(Data items)
-- Opening Marker --

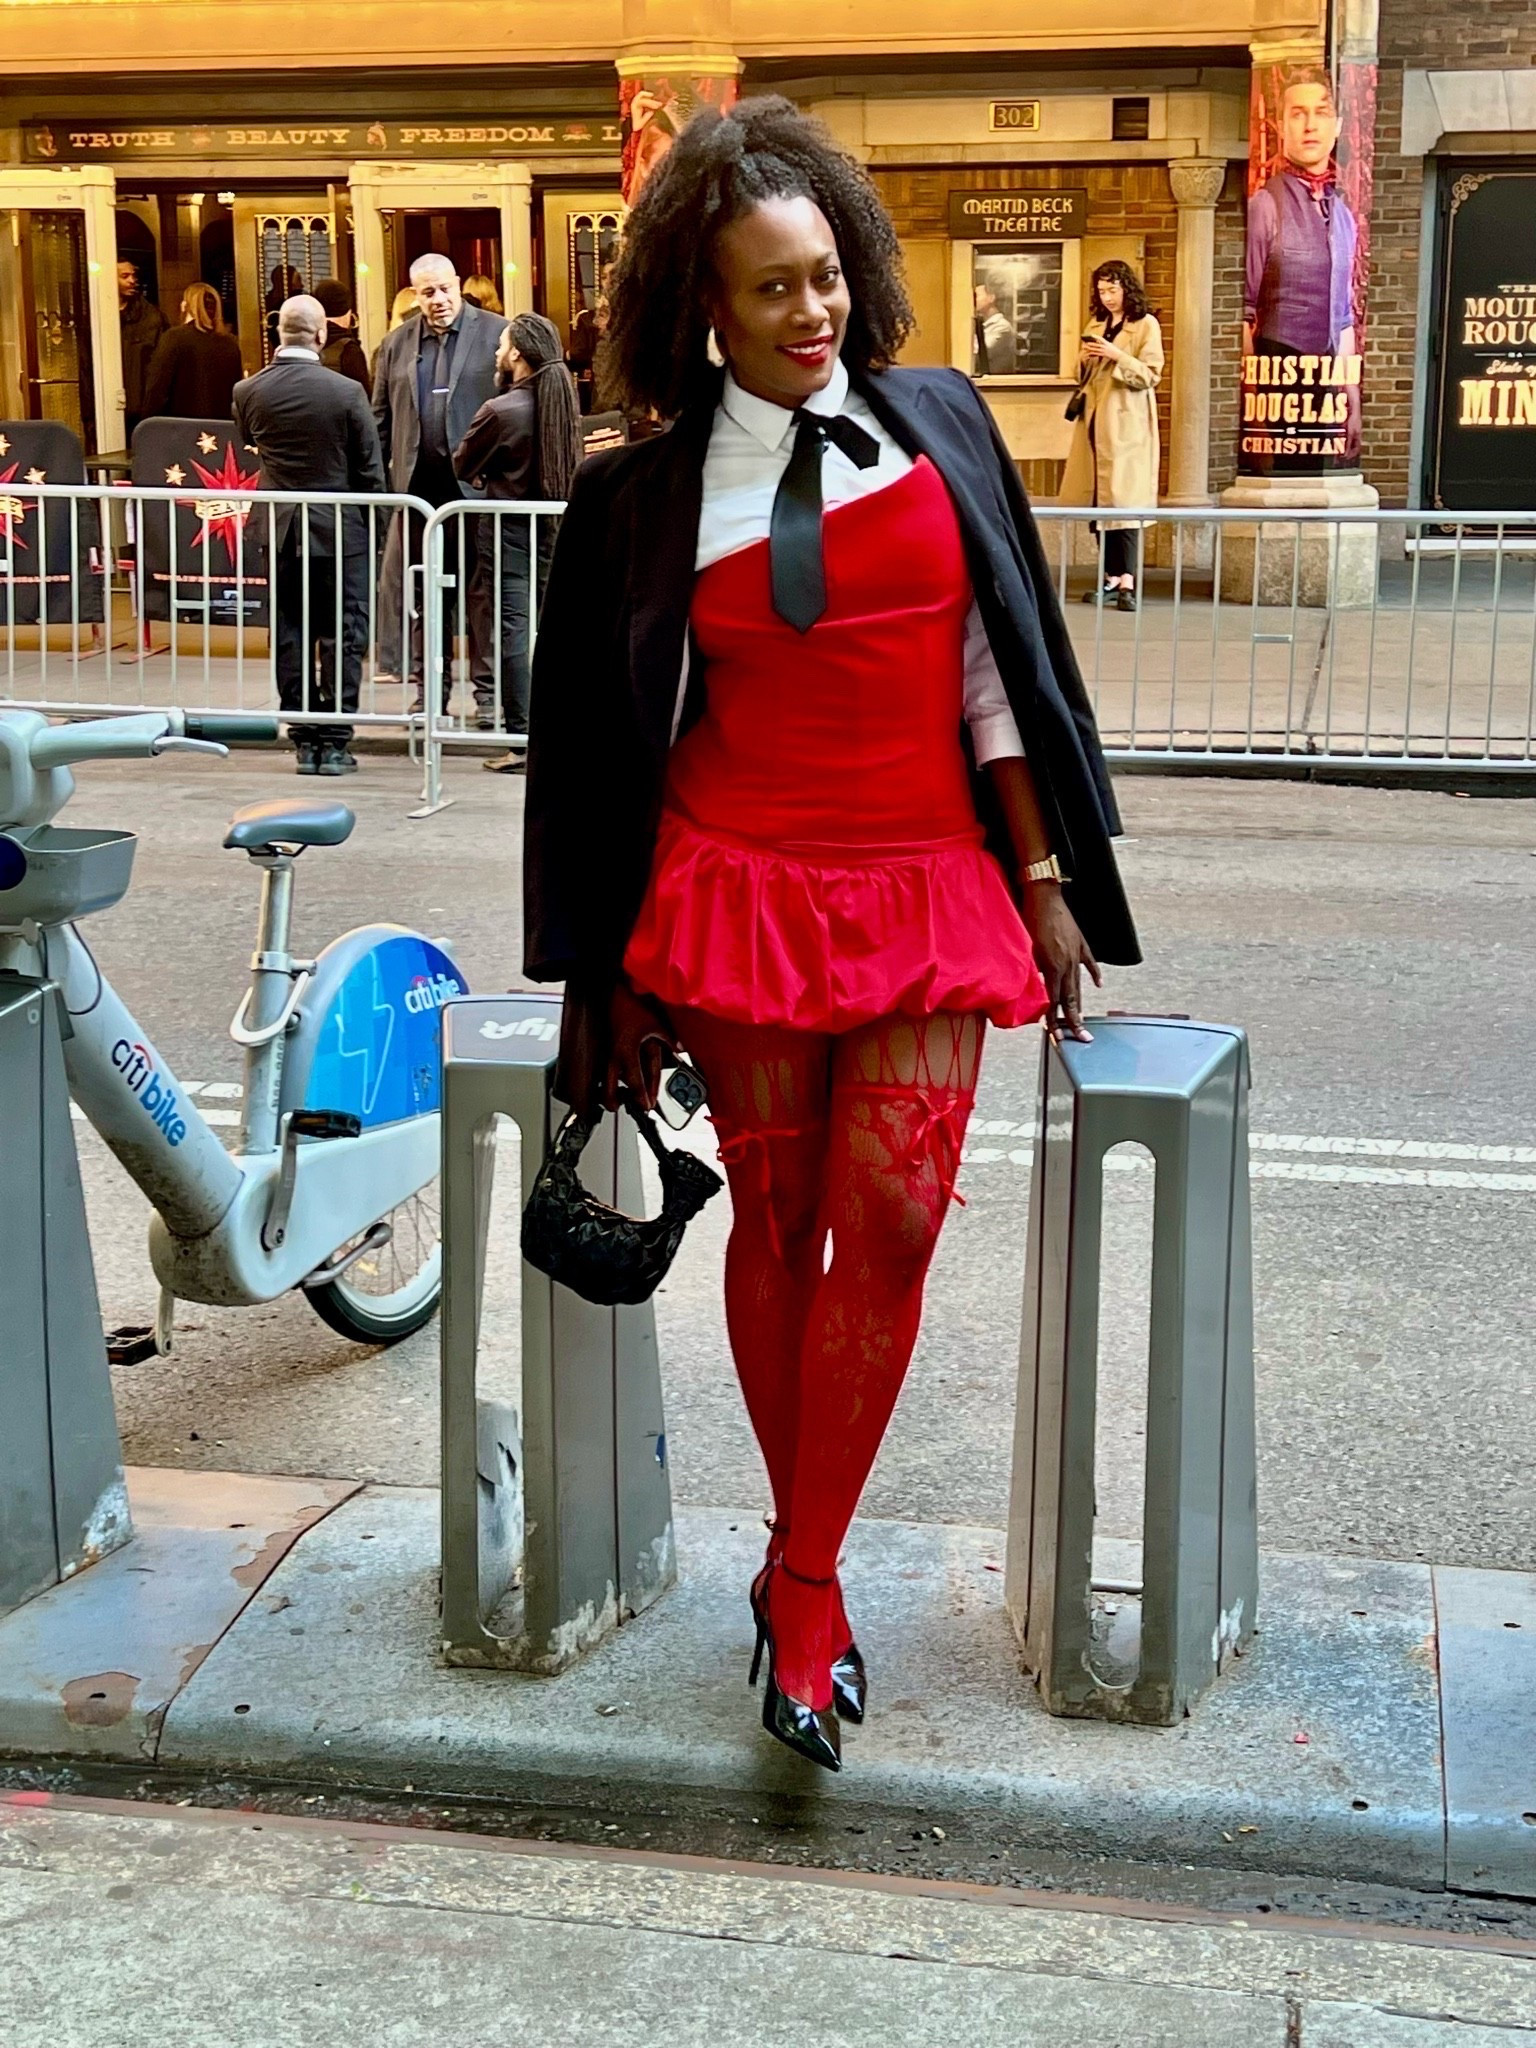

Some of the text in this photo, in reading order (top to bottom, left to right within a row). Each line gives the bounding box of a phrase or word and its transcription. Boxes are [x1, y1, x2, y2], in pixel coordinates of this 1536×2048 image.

[995, 107, 1034, 126] 302
[69, 132, 175, 147] TRUTH
[226, 129, 350, 145] BEAUTY
[400, 127, 555, 143] FREEDOM
[963, 198, 1073, 214] MARTIN BECK
[982, 217, 1062, 232] THEATRE
[1243, 392, 1348, 423] DOUGLAS
[1459, 379, 1536, 426] MIN
[1242, 437, 1346, 454] CHRISTIAN
[479, 1017, 559, 1042] lyft

-- Closing Marker --

Write the data out again word for word; leave the pictures behind.

Reply to the exercise —
Some of the text in this photo, in reading order (top to bottom, left to right within a row). Each line gives the bounding box of a phrase or word and its transcription. Boxes are [x1, y1, x2, y2], in pixel coordinates of this 1536×2048 image.

[995, 107, 1034, 126] 302
[69, 132, 175, 147] TRUTH
[226, 129, 350, 145] BEAUTY
[400, 127, 555, 143] FREEDOM
[963, 198, 1073, 214] MARTIN BECK
[982, 217, 1062, 232] THEATRE
[1243, 392, 1348, 423] DOUGLAS
[1459, 379, 1536, 426] MIN
[1242, 437, 1346, 454] CHRISTIAN
[479, 1017, 559, 1042] lyft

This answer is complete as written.